La oración del “Padre nuestro”, habla a Dios de lo más profundo del hombre: su necesidad de ser saciado y liberado, y desde su condición de nueva creatura, recibida de su Espíritu. Busca a Dios en su Reino, y le pide un pan necesario para sustentar la vida nueva y defenderla del enemigo.

Dios nos perdona gratuitamente y nos da su Espíritu, para que nosotros podamos perdonar, y erradicar así el mal del mundo y para que así seamos escuchados al pedir el perdón cotidiano de nuestros pecados. Esta circulación de amor y perdón sólo puede ser rota, por el hombre que cierre su corazón al perdón de los hermanos. “pues si no perdonáis, tampoco mi Padre os perdonará”.
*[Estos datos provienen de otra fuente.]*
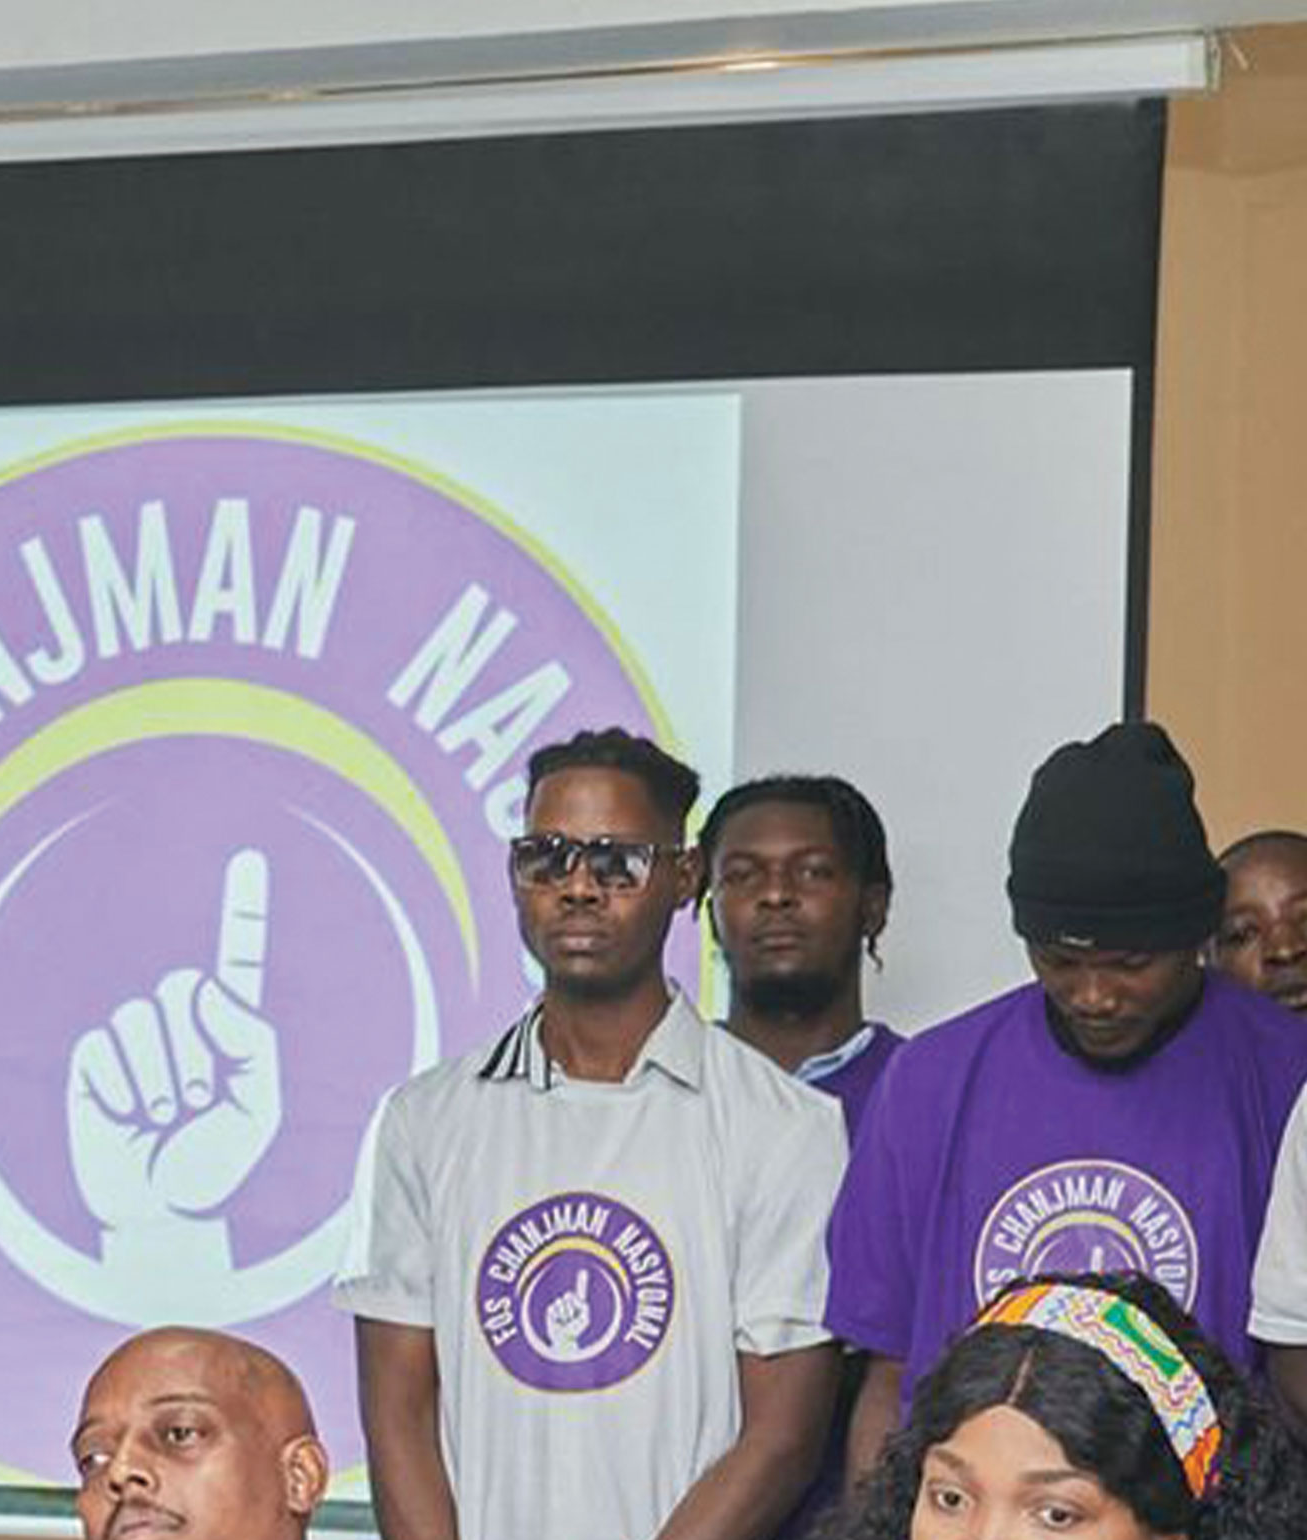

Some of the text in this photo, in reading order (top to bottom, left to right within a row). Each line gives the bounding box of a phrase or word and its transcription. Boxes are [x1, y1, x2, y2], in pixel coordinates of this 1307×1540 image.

El mundo pide un sustento a las cosas, y a las creaturas. El que peca está pidiendo un pan, como lo hace el que atesora, el que va tras el afecto, el que se apoya en su razón ebria de orgullo o en su voluntad soberbia. Panes todos que inevitablemente se corrompen en su propia precariedad. Los discípulos pedimos al Padre de nuestro Señor Jesucristo y padre nuestro, el Pan de la vida eterna que procede del cielo. Aquel que nos trae el Reino; “pan vivo” que ha recibido un cuerpo para hacer la voluntad de Dios; una carne que da vida eterna y resucita el último día. Alimento que sacia y no se corrompe; que alcanza el perdón.

                                                                        www.jesusbayarri.com





[1] Boros, Ladislao “Sobre la oración cristiana” Ed. Sígueme. Salamanca 1976.

[2]San Juan de la Cruz, “Cantico Espiritual”. canción 28, 3-b.p. 137. Ed. Monte Carmelo).